CMSC 25000 - Artificial Intelligence
Winter 2004
Homework #3: (informal) Solutions
Problem 1 : CrossWords Puzzle
Part A
The variables in the cross-word puzzle are the "down" vertical
columns and "across" horizontal rows.
Part B
These variables takes their values from the set of words. In the example,
the domains are common to all variables: {the,university, of,chicago}
Part C
Define len(X) to be the length of a variable (number
of boxes in the column or row); and |en(W) be the length of a word.
(1) Unary length constraint: X can only be assigned W if len(X)=len(W)
(2) Uniqueness constraint: A word can be assigned to only one variable:
X != Y for all pairs of variables X,Y
(3) Consistency constraint: If two variables intersect, the intersection
character must be the same. X[i]==Y[j] if X and Y intersect and
box number i for X, and box number j for Y.
Part D
Consider one valid solution of the puzzle below:
A A A <-------X1
B
B A B <------ X2
:
X3
where the variables X1,X2,X3 have the domain: {AAA,ABA,BAB}
Then the constraint graph is X1---X3---X2.
It can be seen that the graph is 2-consistent but not 3-consistent.
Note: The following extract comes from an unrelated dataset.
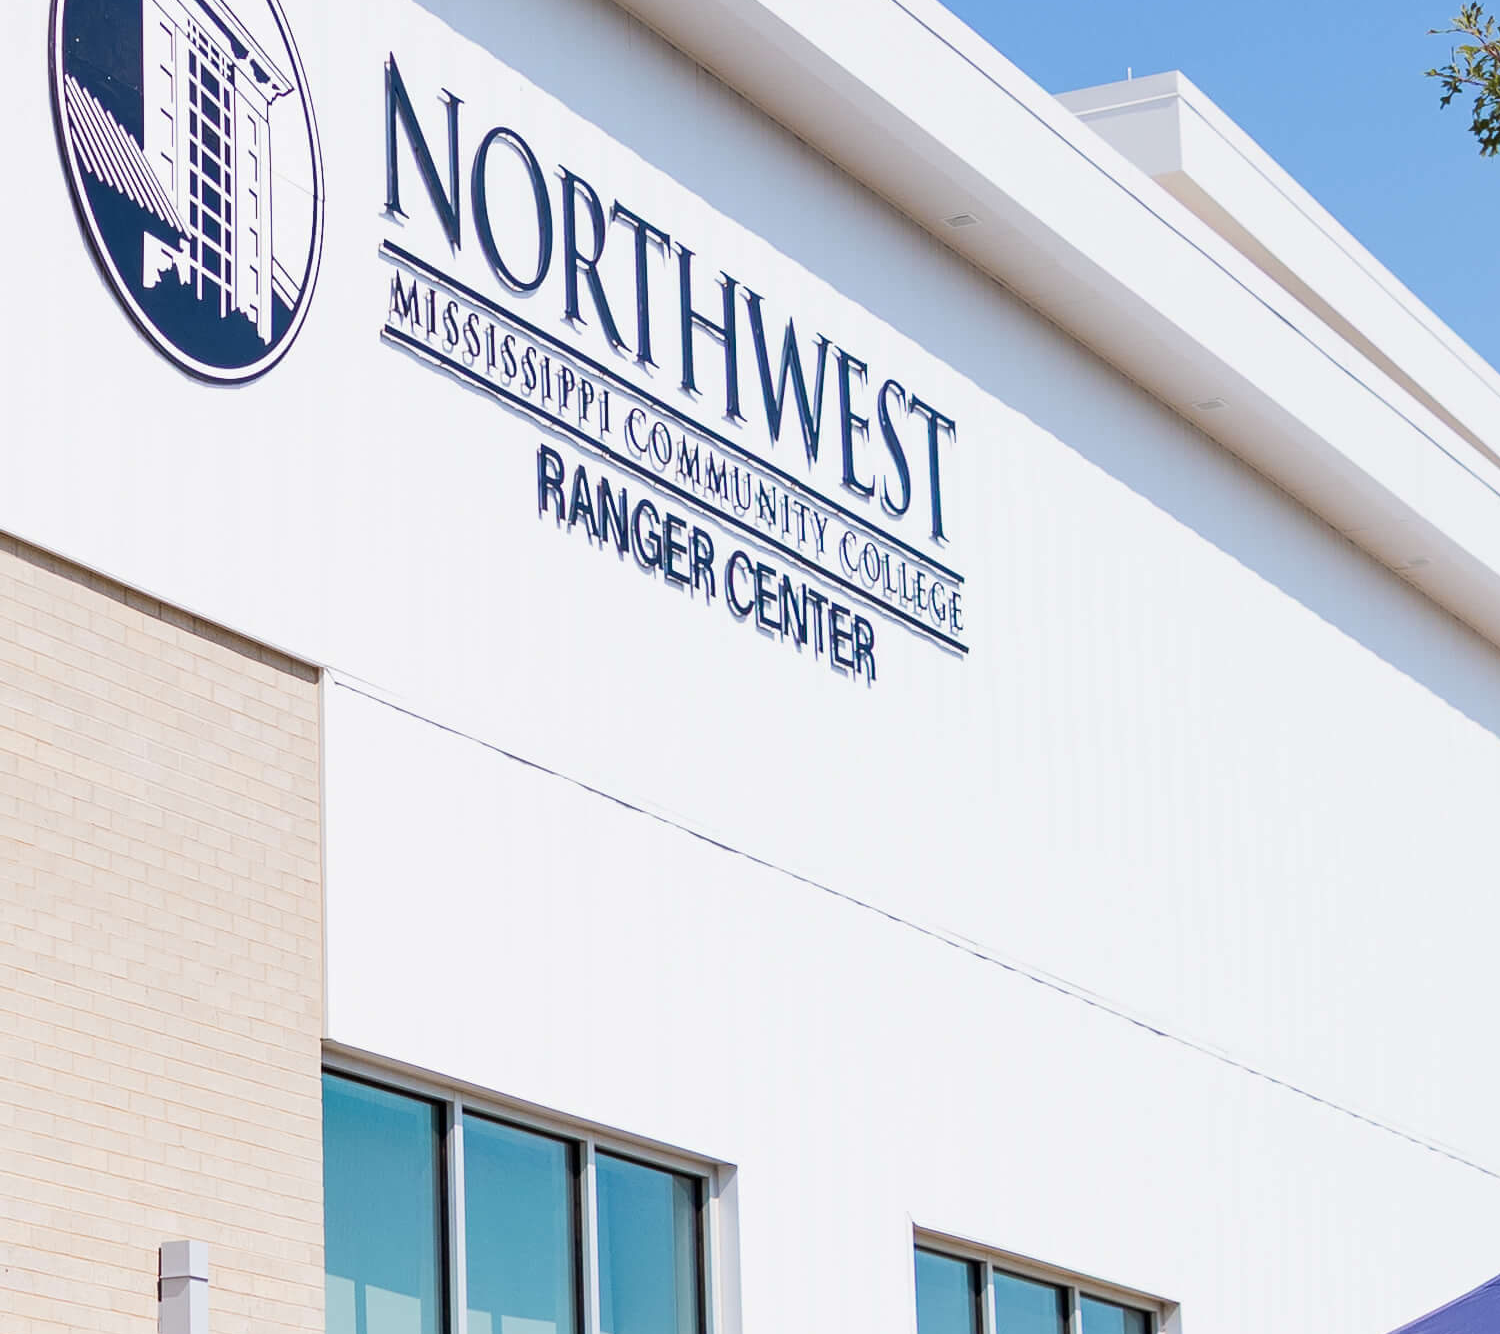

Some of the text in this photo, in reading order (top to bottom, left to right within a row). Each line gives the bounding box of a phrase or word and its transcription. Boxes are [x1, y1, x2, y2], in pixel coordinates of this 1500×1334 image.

[383, 50, 957, 544] NORTHWEST
[390, 268, 965, 632] MISSISSIPPI COMMUNITY COLLEGE
[536, 443, 877, 682] RANGER CENTER
Thus,
the assignment X1=BAB, X3=ABA is not consistent, but undetetected
by AC-3.
Part E
Backtracking search is a DFS based technique, which is complete if the search
tree is bounded.
Part F
(1) Assign words to values randomly.
(2) Pick variables to modify: Swap its value with the value of another
variable, so that the word formation on the cross-word puzzle violate minimum
number of constraints. Goto 2 until no violations (or maximum number of steps
allowed is exceeded)
Part G
[coming soon...meanwhile read section Sec 5.3]
Problem 2
Part A
See sec 5.2 in the book
Part B
See sec 5.2 in the book.
Problem 3: Adversial Search
Note: This is problem 6.1 in the text.
This problem exercises the basic concepts of game playing, using tic-tac-toe
as an example. We define Xn as the number of rows, columns, or diagonals
with exactly n X's and no O's. Similarly, On is the number of rows, columns,
or diagonals with just n O's. The utility function assigns +1 to any position
with X3=1 and -1 to any position with O3=1. All other terminal positions
have utility 0. For nonterminal positions, we use a linear evaluation function
defined as
Eval(s)=3*X2(s)+X1(s)-(3*O2(s)+O1(s)).
Part A
Number of Tic-Tac toe games: 9! is a trivial upper bound. One can consider
symmtery to make better estimates - there are minimum 5 moves, and maximum
9;
there are actually only 3 starting moves (center,diagonal, off-center and
diagonal) ; to the center move, there are 2 responses,..and so on.
Any argument better than 9! gets full points. Some people ran a DFS to come
up with a number; others came up with better bounds with combinatorial arguments.
Part C
The tree evaluates to: 2,1 (leftmost subtree); -1, 0,1,1,0 (central
subtree); -2,0,-1,0,-1 (rightmost subtree) from leftmost to rightmost
leaves.
Part D
Marking the center is Max's best first move.
Part E
The leaves on the leftmost tree at maximum depth
are all evaluated. Only one leaf in the middle and righmost tree are evaluated
witrh alpha-beta pruning since this establishes that min will play
better than -2 or -1, as against 1 with the leftmost tree. So Max would mark
the center and force play on the leftmost side.